Our atmosphere is of the secondary variety, since the Earth is too hot and with too little mass to hang on to the original hydrogen/helium envelope. It is unique in being dominated not by CO2, but rather by free nitrogen. Carbon dioxide, formed from cosmically abundant elements, is the major constituent of the other terrestrial planets' atmospheres. The oceans (and perhaps subduction of seafloor rocks in plate tectonics) may be important in keeping this gas out of our atmosphere, and thus keeping us from going the way of Venus. Our atmosphere has had an eventful history. The high abundance of free oxygen traces back only to when organisms started releasing it - up until that time, completing about 1.6 billion years ago, iron was deposited in rock. Afterwards it rusted first. This also led to the development of a UV-absorbing layer of triatomic oxygen molecules (AKA ozone).
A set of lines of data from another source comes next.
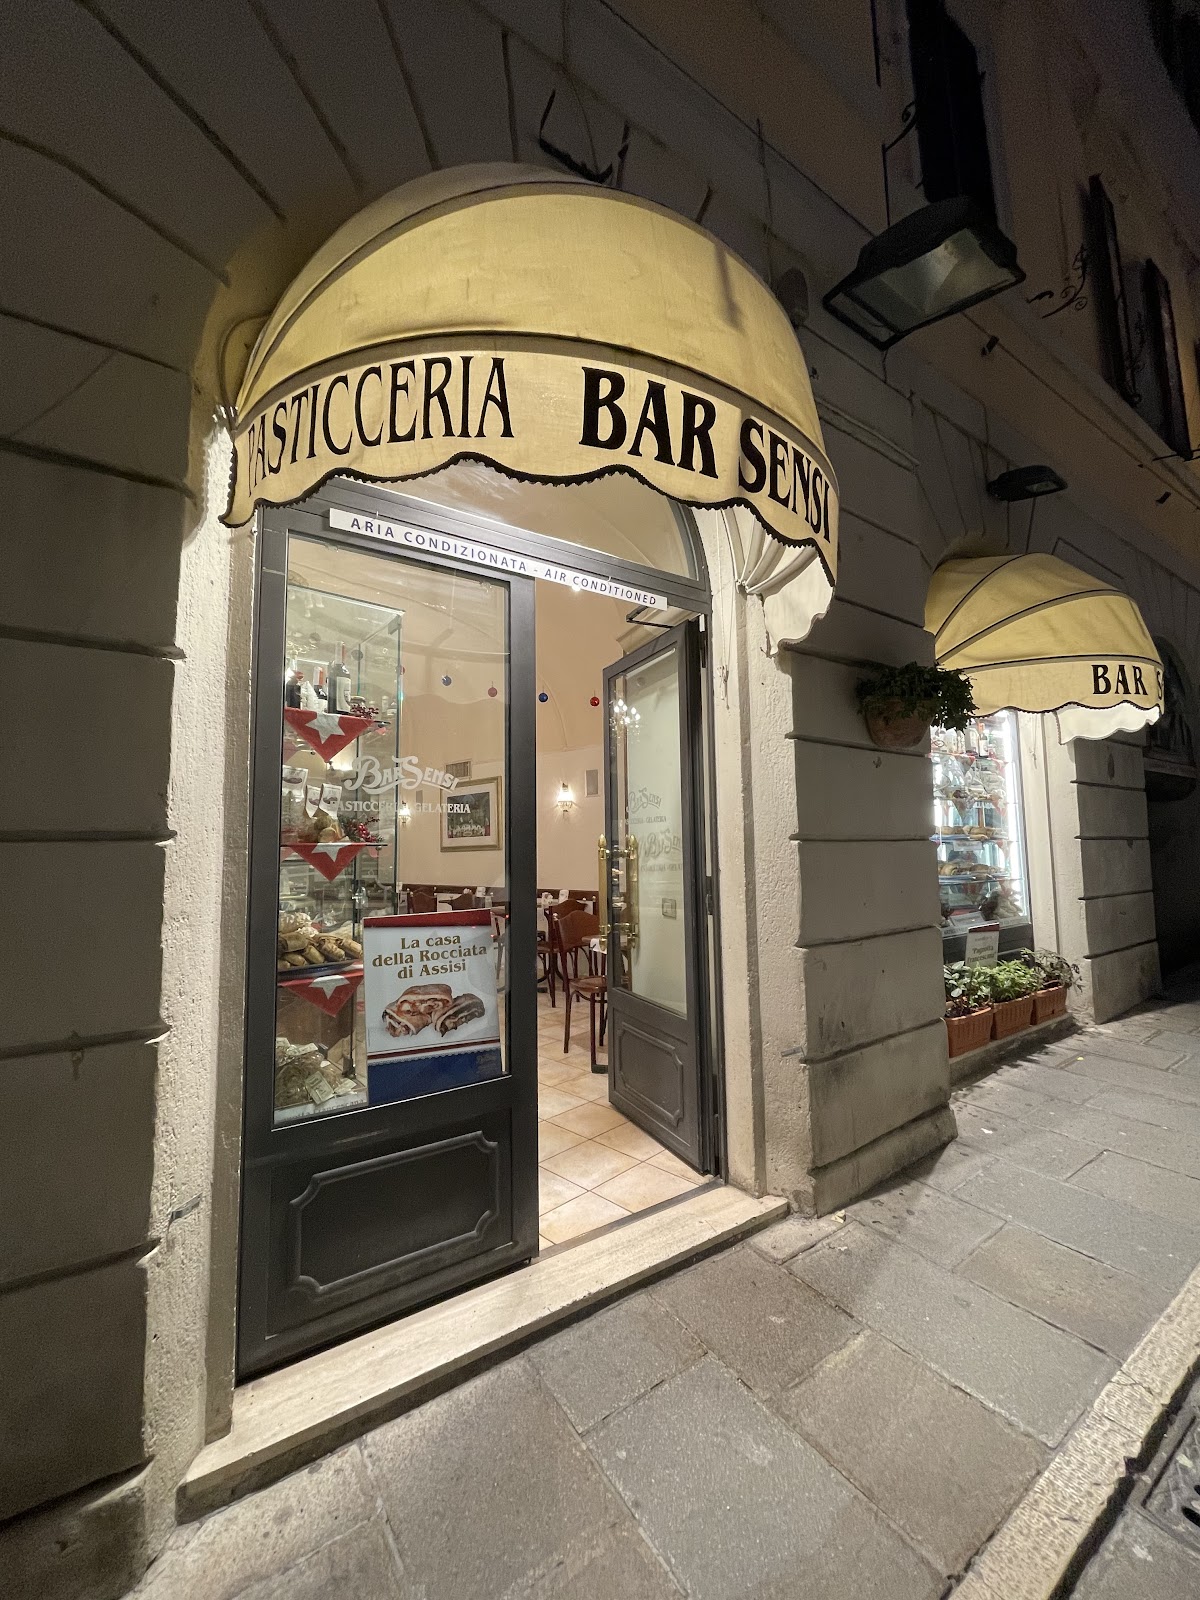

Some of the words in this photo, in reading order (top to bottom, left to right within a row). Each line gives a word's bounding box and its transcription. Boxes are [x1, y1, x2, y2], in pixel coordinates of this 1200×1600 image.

[248, 356, 515, 497] PASTICCERIA
[578, 366, 719, 479] BAR
[738, 418, 831, 543] SENSI
[351, 517, 395, 538] ARIA
[404, 531, 527, 572] CONDIZIONATA
[544, 568, 567, 583] AIR
[573, 575, 656, 606] CONDITIONED
[1091, 664, 1149, 696] BAR
[415, 802, 471, 814] GELATERIA
[400, 937, 420, 950] La
[425, 935, 462, 947] casa
[371, 952, 414, 968] della
[419, 945, 488, 963] Rocciata
[397, 965, 414, 980] di
[419, 958, 467, 977] Assisi
Atmospheric composition controls the surface temperature, through the greenhouse effect (which keeps the mean temperature from being -40 C). It is interesting that the Earth's surface temperature has stayed so constant, especially since the Sun has increased in luminosity by about 30% over its lifetime (perhaps telling us that the level of atmospheric CO2 has declined as it was incorporated into rock or dissolved in water). The Earth has gone the ways of neither Hoth nor Tatooine, telling us that its temperature never fell (on average) below freezing or too hot for liquid water. Some climate variations do appear to be driven either by small changes in solar output (i.e. the Maunder minimum or "Little Ice Age") and in the parameters of the Earth's orbit (the Milankovitch cycles which match the timing of recent ice ages).
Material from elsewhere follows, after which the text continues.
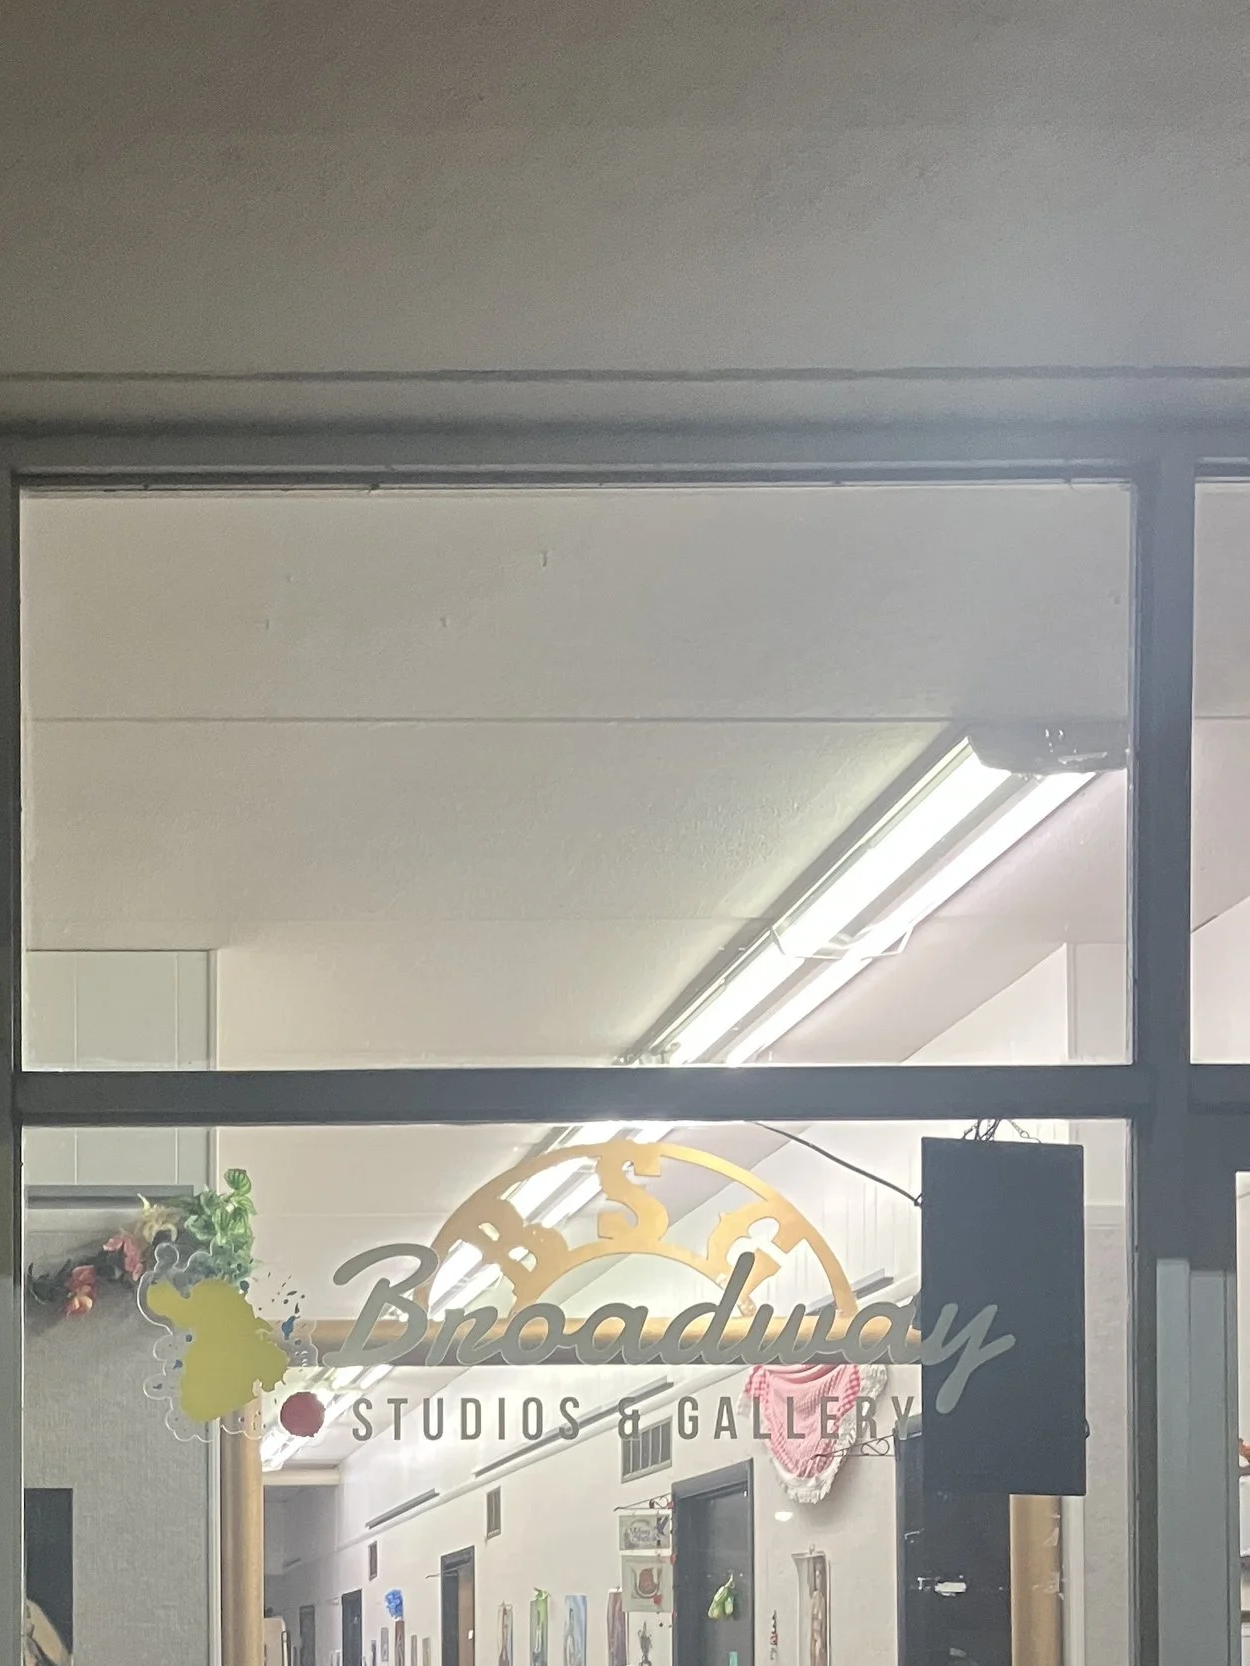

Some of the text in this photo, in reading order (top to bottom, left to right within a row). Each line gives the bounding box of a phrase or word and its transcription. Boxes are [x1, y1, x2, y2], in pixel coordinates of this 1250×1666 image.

[323, 1243, 1016, 1414] Broadway
[352, 1396, 914, 1441] STUDIOS & GALLERY
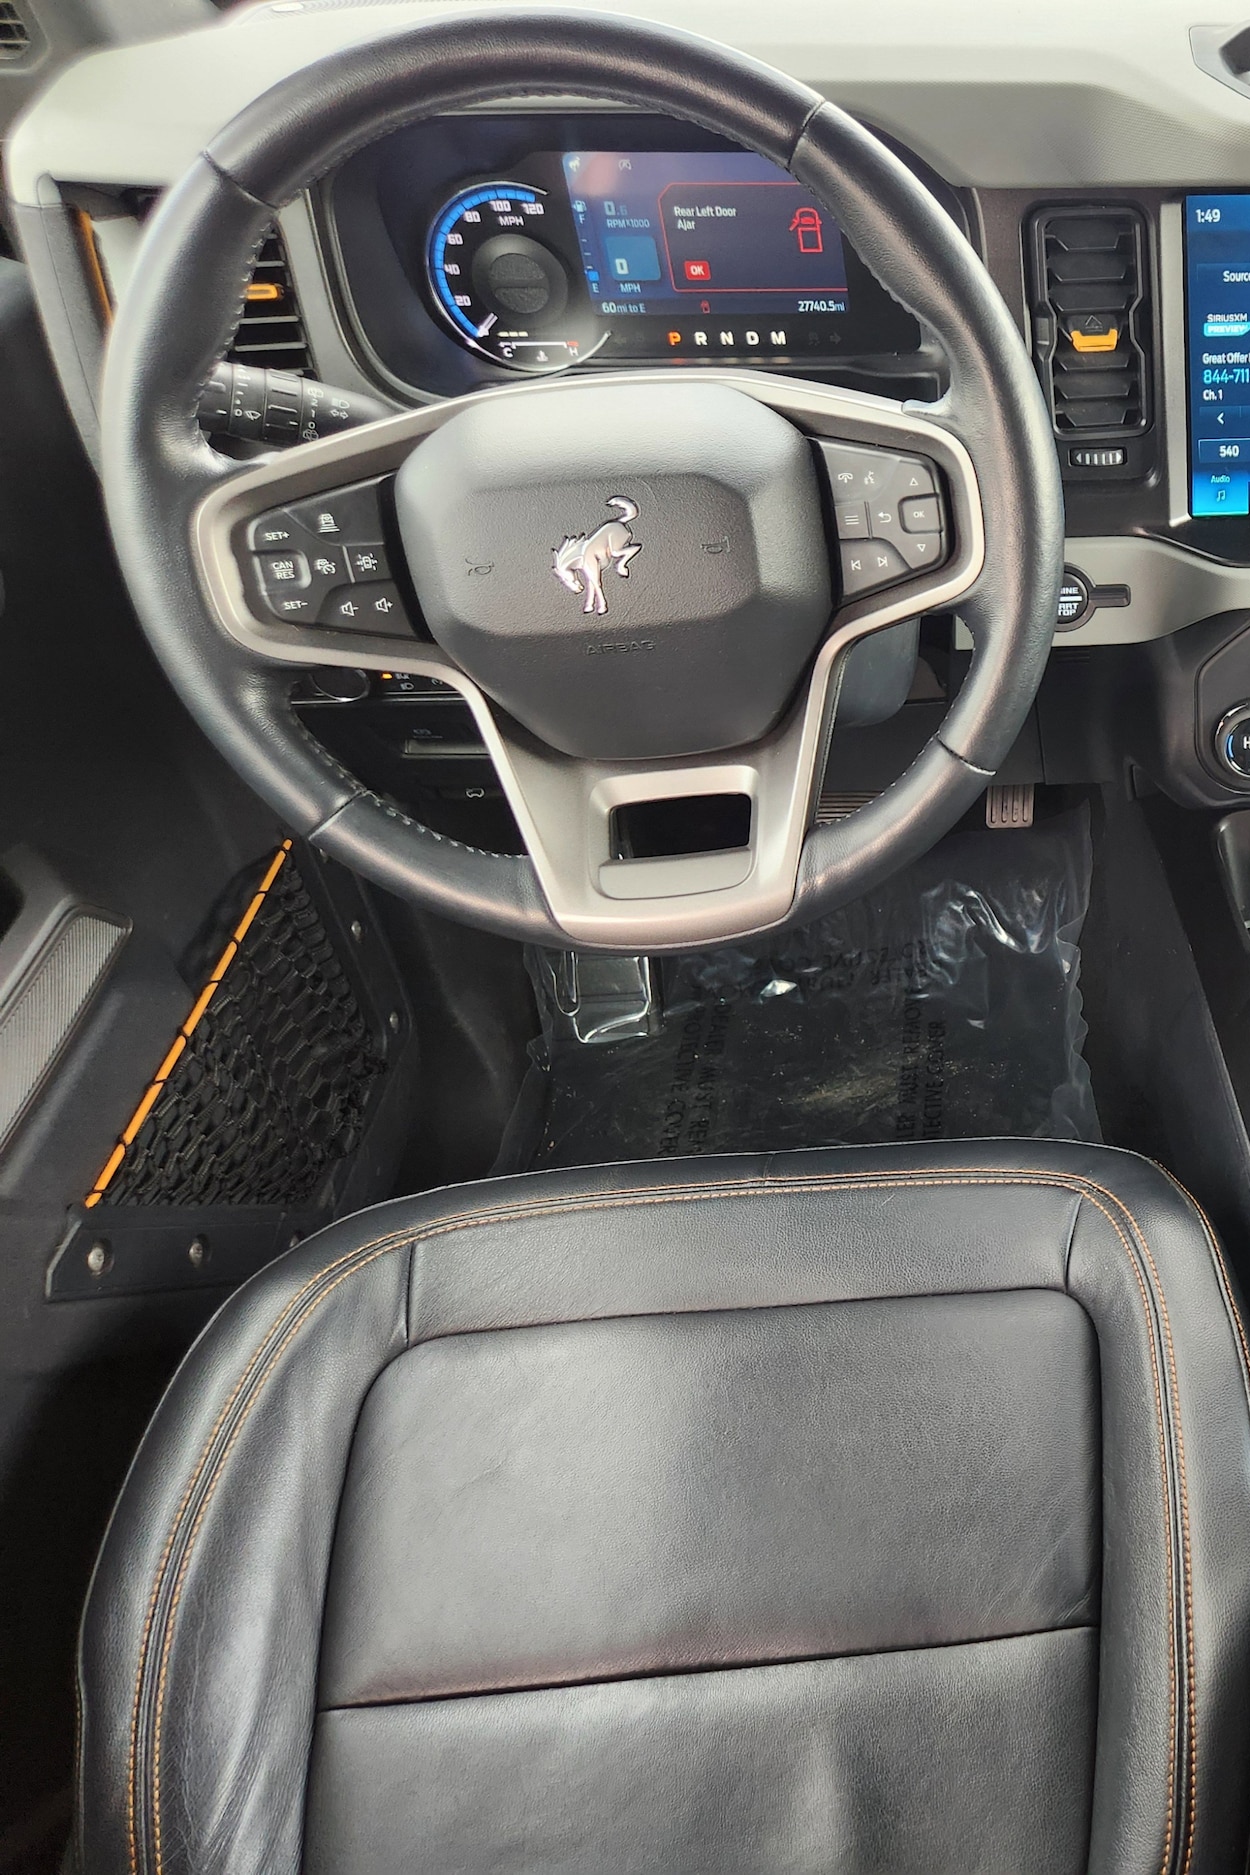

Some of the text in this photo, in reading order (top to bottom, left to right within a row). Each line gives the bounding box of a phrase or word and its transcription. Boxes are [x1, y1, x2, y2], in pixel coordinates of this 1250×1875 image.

The Big Deal about the terrestrial environment is, of course, water. Lots and lots of it. In fact, looking at a picture of the planet, we clearly give it the wrong name. And all that water coexists in all three phases of solid, liquid, and vapor. Where did it come from? Some probably was part of volcanic outgassing. Impacts from comets may also have contributed. Water is a remarkable solvent, as well as having fascinating thermal properties. Its crystalline structure makes it float on freezing, and its enormous heat capacity drives much of our weather. It's no wonder that whenever we see evidence for water (frozen or past) on other worlds, the idea of life isn't far behind. The temperature range for liquid water is interesting for all manner of organic chemistry, making reactions go fast enough without dissociating the molecules.
The Earth's surface remains geologically active, controlled by processes of plate tectonics that are not present now on other planets. This gives a continuous cycling of (mostly seabed) material between crust and mantle, as well as continental drift and its implications for habitats and competition as the biosphere developed.
The Moon also plays a continuing role. Its driving of the tidal rhythm is important for coastal organisms, and has in fact slowed the Earth's rotation (at least from a value near 18 hours). Its tidal influence may also help stabilize the orientation of the Earth's axis, preventing the kinds of wild climate variations over geological time that Mars seems to be subject to.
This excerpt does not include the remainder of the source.